By contrast, Perth attracted a net 320 people aged between 25 and 44 in the September quarter. The year before, it lost 266.
There has been an improvement in the jobless rate since the height of the coronavirus outbreaks but the recovery is ongoing. Official payroll jobs data shows since March 2020, accommodation and food services roles are down 14.7 per cent and education and training jobs are 13.8 per cent lower.
Jobs worked by 20 to 29-year-olds fell 6.5 per cent since the weekend ending March 14.
“The trend we’re seeing at present is the result of others not moving into the areas where people have left, which would ordinarily happen. I expect this trend of net excess movements away from capital cities will be short-lived,” Dr Allen said.

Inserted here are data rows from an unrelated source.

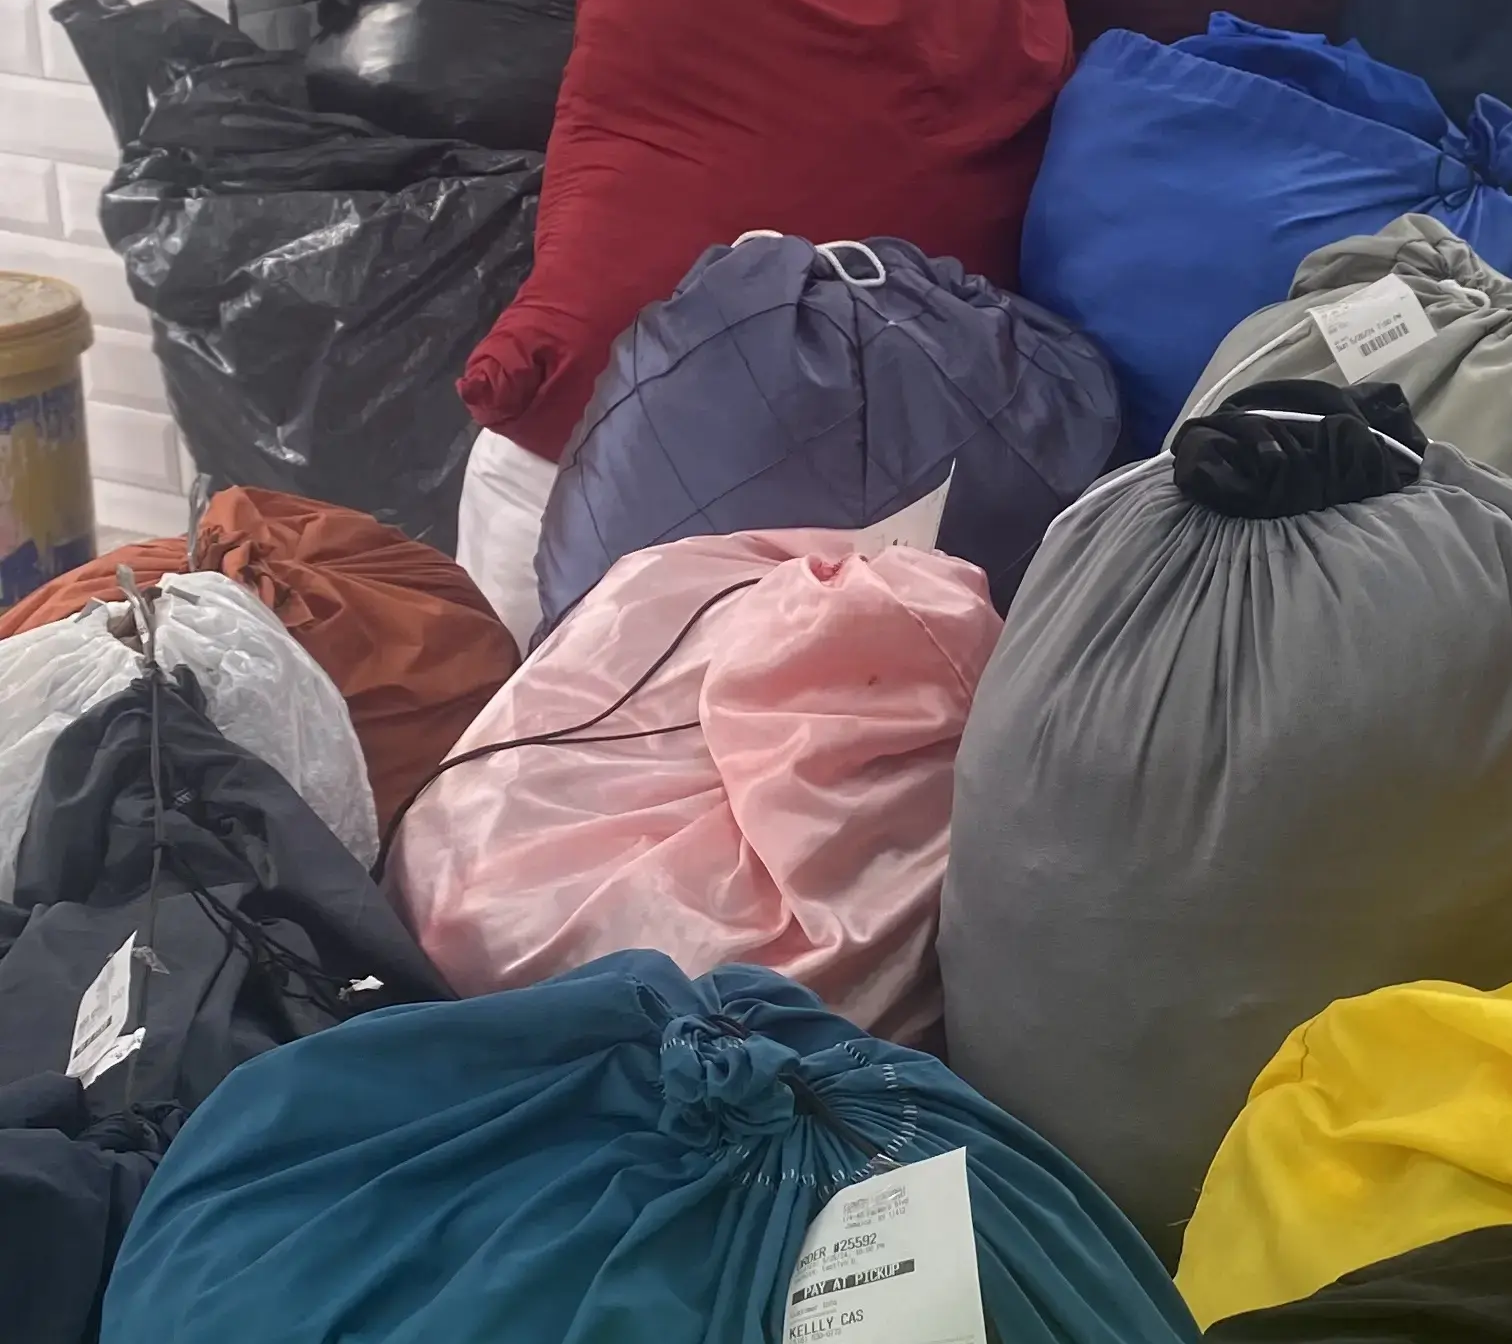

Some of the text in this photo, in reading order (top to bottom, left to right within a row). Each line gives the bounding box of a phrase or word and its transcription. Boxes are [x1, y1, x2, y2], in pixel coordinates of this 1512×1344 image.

[833, 1232, 878, 1253] #25592
[803, 1280, 827, 1299] PAY
[832, 1276, 848, 1291] AT
[854, 1262, 900, 1286] PICKUP
[788, 1316, 834, 1340] KELLLY
[840, 1309, 865, 1325] CAS
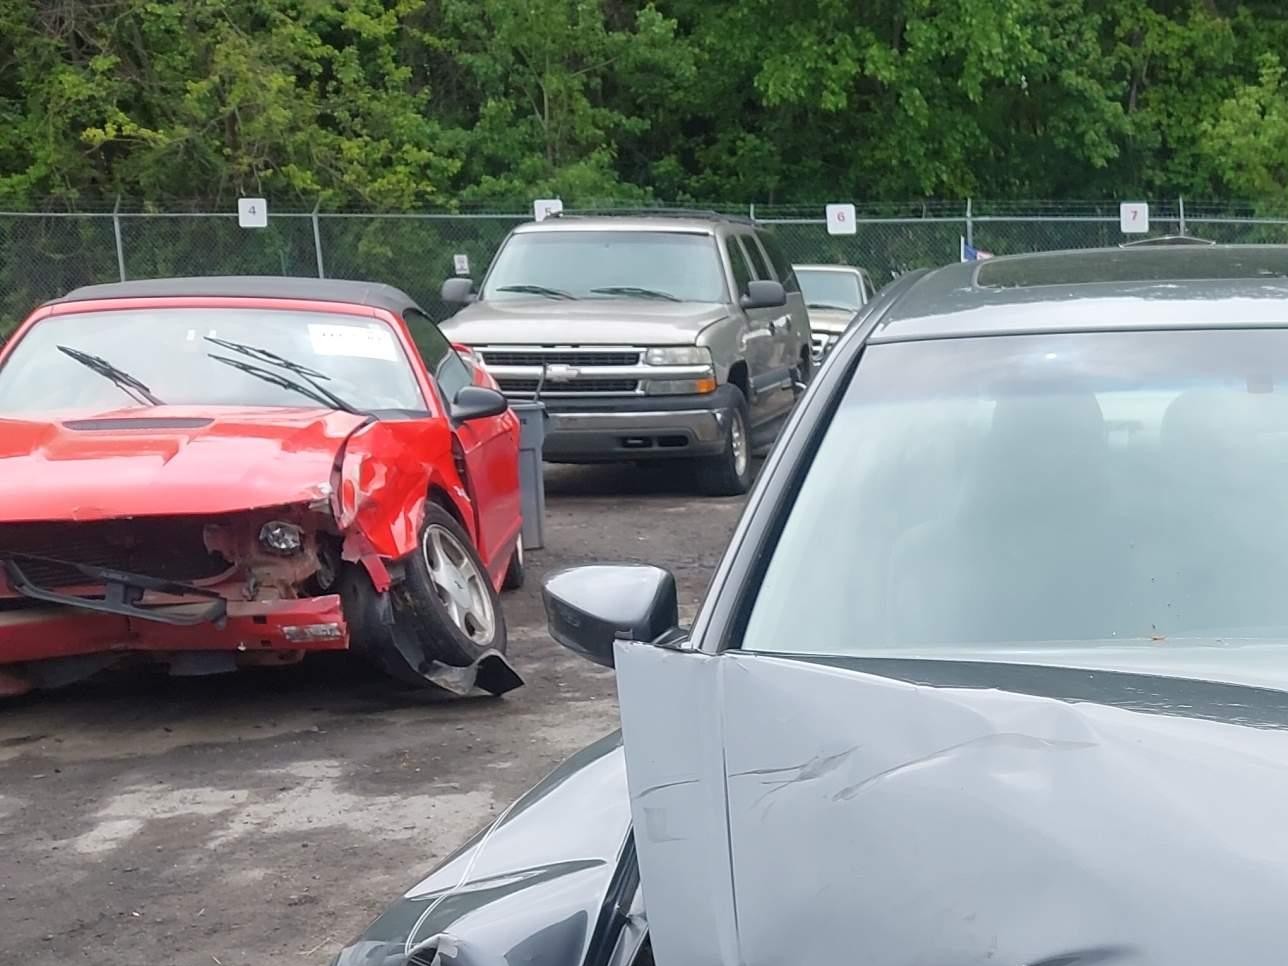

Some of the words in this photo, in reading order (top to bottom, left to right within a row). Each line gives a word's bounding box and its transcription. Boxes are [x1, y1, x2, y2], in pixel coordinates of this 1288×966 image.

The major limitation on the regions is “woefully inadequate” infrastructure, she said, with employment, housing and education unable to meet the need of a flood of new residents in the short-term.
“In the absence of any real investments in regional areas, the moment … infections settle we’ll likely have a resumption of pre-COVID internal migration patterns.”

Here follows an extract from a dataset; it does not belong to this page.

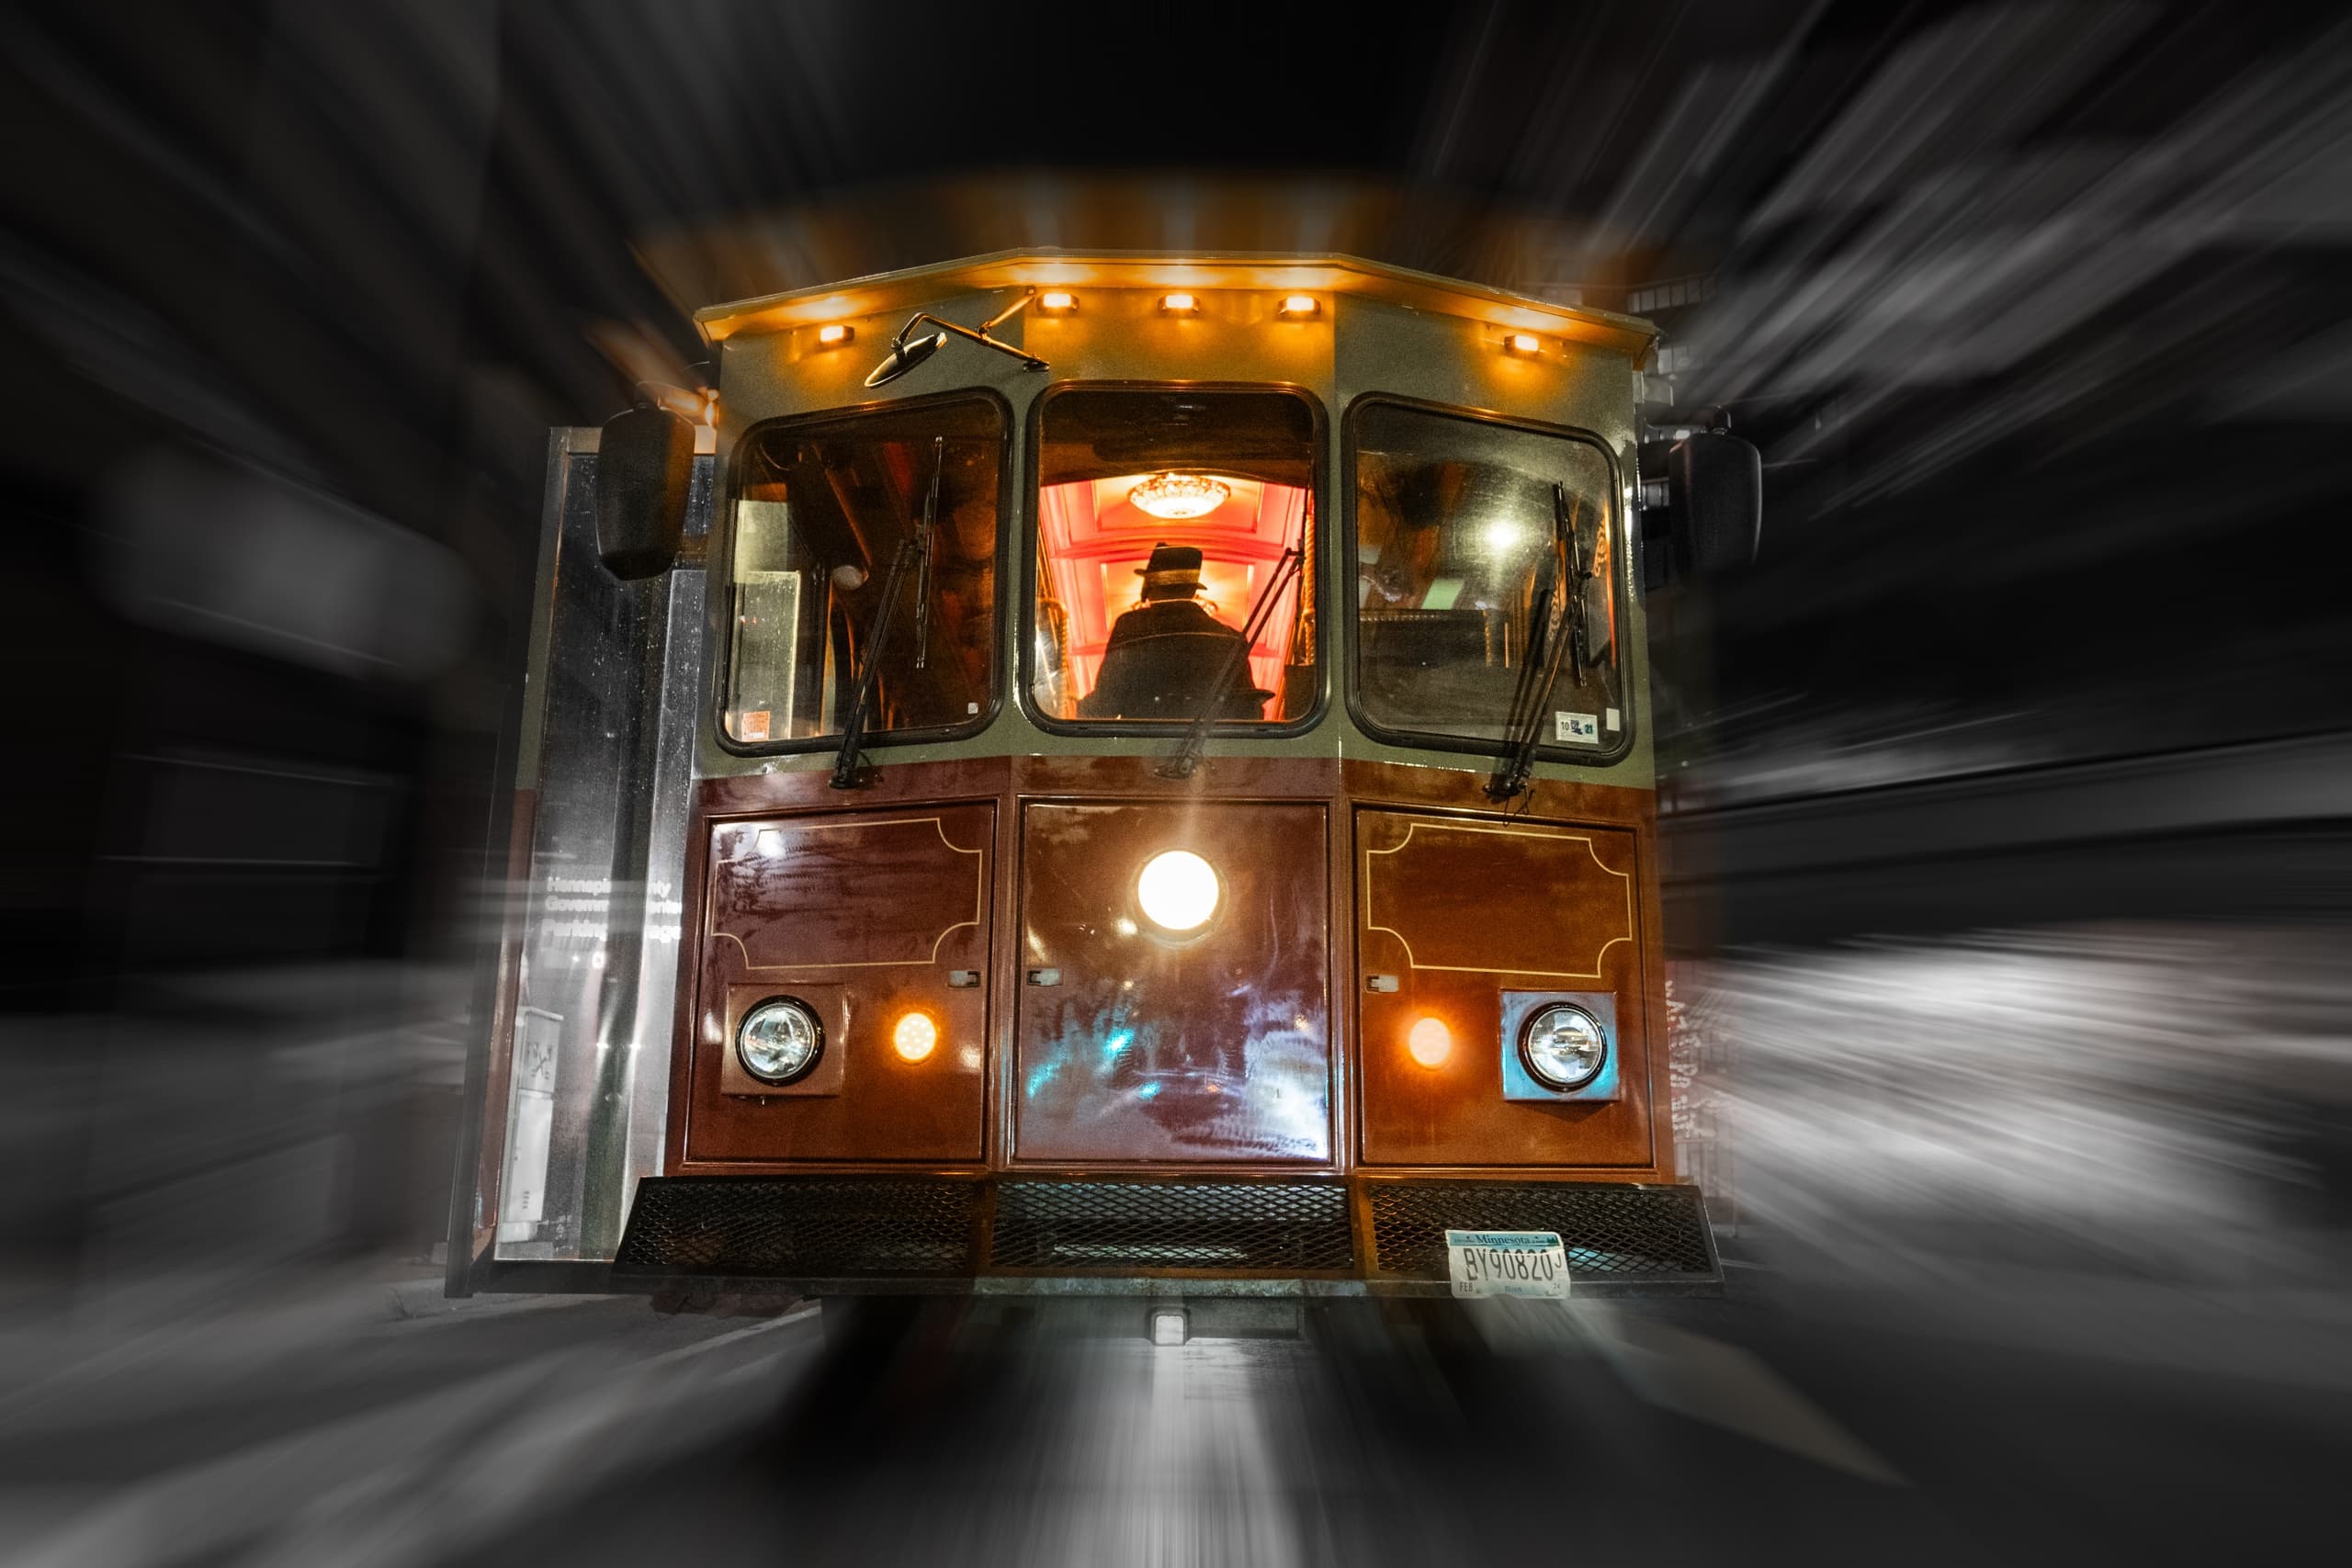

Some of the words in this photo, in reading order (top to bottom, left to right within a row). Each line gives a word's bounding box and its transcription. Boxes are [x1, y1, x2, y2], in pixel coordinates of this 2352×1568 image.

In a sign of the potential long-term economic hit Melbourne will take due to its pandemic lockdown through the second half of last year, new arrivals into the city are down 30 per cent since the September quarter of 2019. By contrast, arrivals to Sydney have dropped by 12 per cent.
University of NSW City Futures Research Centre director Bill Randolph said the number of people leaving Sydney and Melbourne is not significant for cities with populations of about 5 million people, and there are limitations on regional areas’ ability to cater to huge inflows of new residents.
“One is the capacity of the regional areas to soak these people up. There’s only so much housing,” Professor Randolph said, adding many jobs do not allow work-from-home arrangements permanently and amenities can be limited in remote areas.
“COVID has seen people bring forward their plans so it depends how much of this is brought-forward demand from people who were already going to move,” Professor Randolph said. “I suspect it will die down, but there will be a longer-term restructuring process in the cities.”
These changes could include a move to the outer suburbs of cities, or just over the boundary, to allow commuting into the CBD where needed, he said.
CommSec senior economist Ryan Felsman said in a research note there had been a “stampede” from the major cities to the regions, pushing house prices in these areas up by 7.9 per cent over 2020 in the biggest lift in 16 years. By contrast, CoreLogic recorded a 5.6 per cent drop in rents in the prime inner-Sydney market and a 7.8 per cent decline in Melbourne.
“The recovery in inner-city rentals remains highly dependent on employer return-to-work directives, continued virus suppression and the job market recovery,” Mr Felsman said.